After graduation, he attended Northwestern University Medical School in Chicago. On a Lake Michigan beach he met a young nurse from Loves Park, Illinois, named Carol McGee, daughter of Harold and Marion McGee. He proposed by presenting her with a list of things that they would have to do for their wedding. She accepted. They married on July 12, 1958.
They moved to Minneapolis, where Cliff joined the practice of a physician he knew from summers at Pehrson Lodge on Lake Vermillion, Minnesota. He served as team doctor to the Millers as they swept the minor league world series, but he left the practice after only a few months. He and Carol moved to Foley, Minnesota, a town of 1,000 people in the center of Benton County, some seventy miles north of Minneapolis. There he joined the practice of Dr. Norman Fiddleman, who died within a year.
Despite many obstacles facing the young doctor, Cliff and Carol decided to remain and build their lives in Foley. Colleen was born in 1959, Kevin in 1961, T.J. in 1964, and Karen in 1968. Benton County was (and still is) a rural county; for a time Cliff kept a two-way radio in his car because some of his patients' homes lacked telephones. He made house calls, delivered babies, and served as medical director for the sheriff's department and the nursing home and as the elected county coroner. He built a medical center in the town and over time shared his practice with partners John Bauman, Jerry Hansmeier, and finally his son, Dr. Kevin Stiles.
With a booming voice and a vigorous presence, Cliff devoted himself to church and community. He established scholarships and raised money tirelessly for causes he believed in. Dedicated elders of the First Presbyterian Church of Foley, he and Carol started a youth group, the Young United Presbyterians. They organized a number of ongoing fundraisers—a hot dog stand at the town's annual summer fair, Foley Fun Days, and a rummage sale, among others—then took the group on trips every two or three years, usually to Europe, where they stayed in youth hostels. Believers in the benefits of travel, Cliff and Carol worked tirelessly to introduce the young people of Benton County and their own children to the global community and America's diversity.
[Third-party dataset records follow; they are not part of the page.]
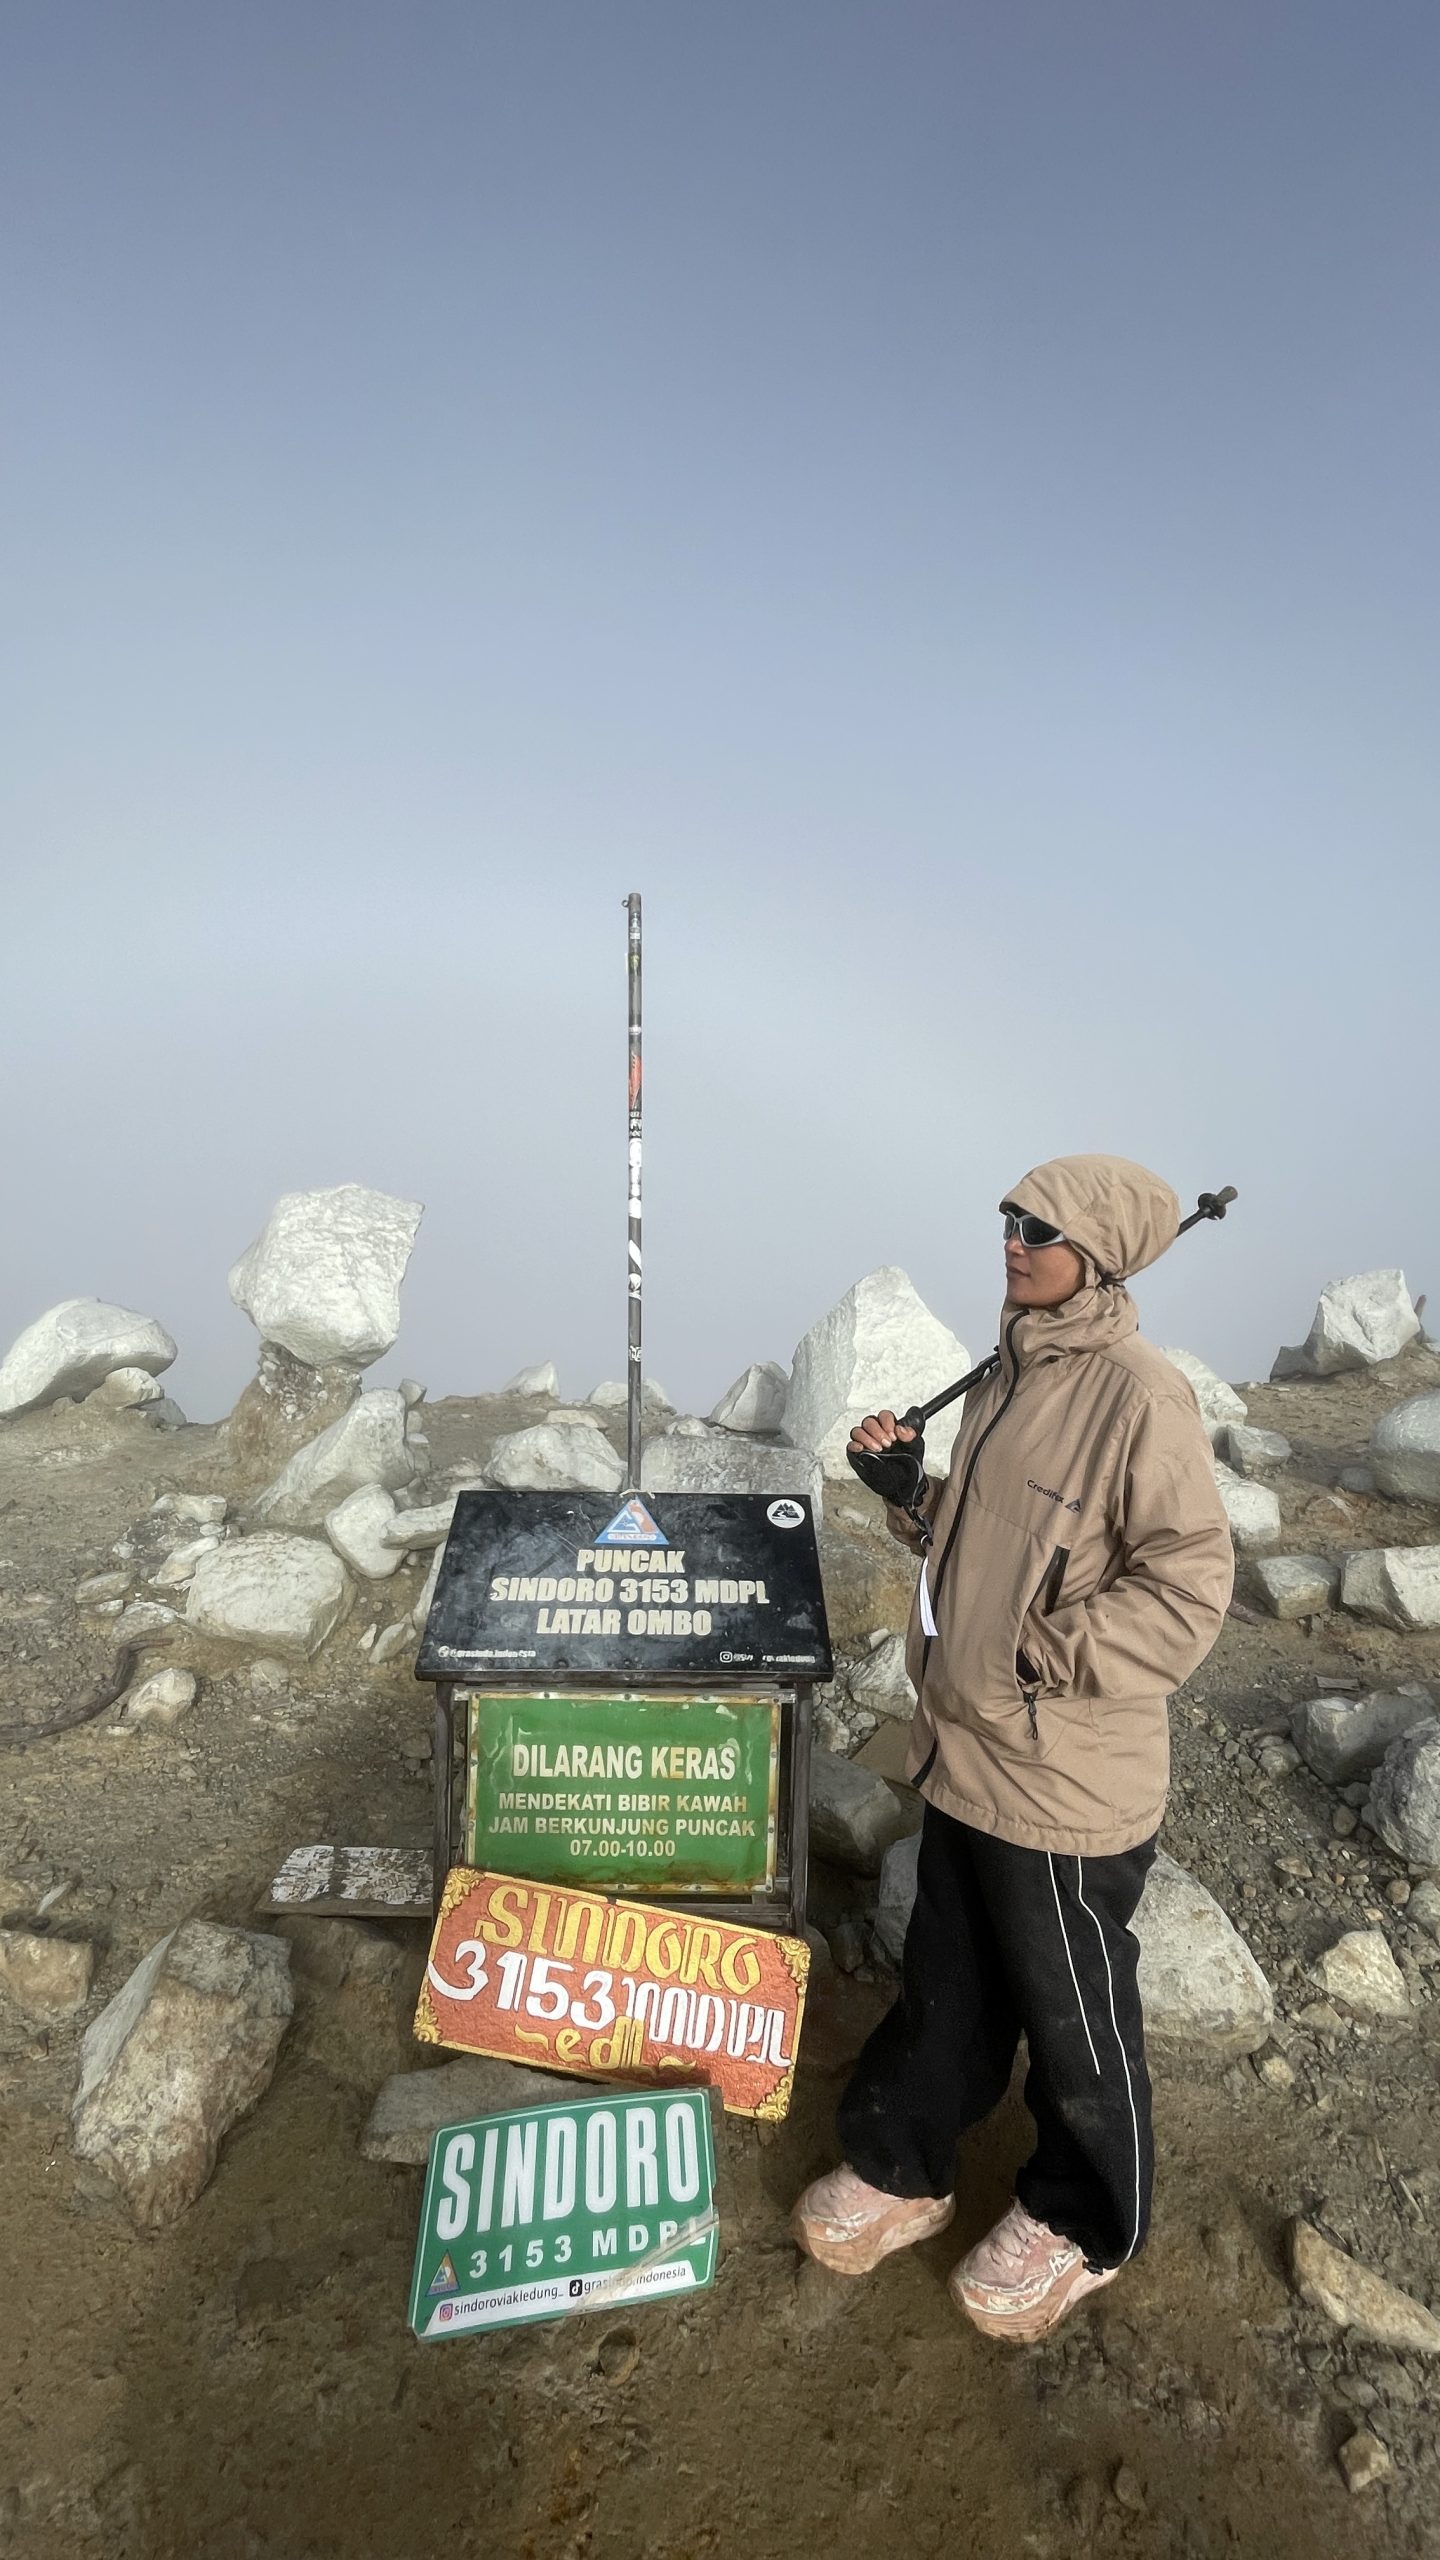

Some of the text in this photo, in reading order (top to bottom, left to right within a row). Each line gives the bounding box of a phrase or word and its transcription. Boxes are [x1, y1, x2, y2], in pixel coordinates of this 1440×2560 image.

[576, 1549, 685, 1573] PUNCAK
[490, 1577, 770, 1604] SINDORO 3153 MDPL
[536, 1608, 712, 1636] LATAR OMBO
[513, 1744, 736, 1780] DILARANG KERAS
[499, 1793, 747, 1813] MENDEKATI BIBIR KAWAH
[488, 1817, 756, 1837] JAM BERKUNJUNG PUNCAK
[570, 1839, 676, 1857] 07.00-10.00
[474, 1885, 761, 1994] SINDORO
[428, 1939, 616, 2031] 3153
[436, 2102, 700, 2240] SINDORO
[469, 2235, 572, 2279] 3153
No list of activities, charities, and career highlights can capture Cliff's impact on the world. He never missed an opportunity to serve as a mentor, to offer advice and encouragement, to bring a stranger into his church and family, to connect to others. (Indeed, the size of his Christmas card list is legendary.) Property owners on St. John since the 1970s, Cliff and Carol built a small house in Fish Bay and began to spend half the year there after Cliff's retirement in 1999. They immersed themselves in the St. John community, which he loved so much. They were active members of the Bethany Moravian Church, where Cliff sometimes delivered guest sermons, as he did in Foley. He also belonged to the St. John Singers. He was a born storyteller, with a rich sense of humor and endless charm.
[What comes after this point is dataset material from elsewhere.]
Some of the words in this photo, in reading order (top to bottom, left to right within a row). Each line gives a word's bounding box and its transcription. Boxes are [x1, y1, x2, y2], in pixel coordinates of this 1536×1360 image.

Cliff, long an avid racquetball player, began to suffer an increasing number of health problems over the last decade. He remained optimistic and public-spirited to the end, raising money for the Presbyterian Church even in the last month of his life. Over the Labor Day weekend of 2019, all of his and Carol's descendants came together in Foley for an early Thanksgiving celebration. It was his wish to make a final trip to his beloved house on St. John, which Carol's efforts made possible. His family is grateful that he passed away as he must have wished, with his wife beside him and the sound of the ocean in his ears.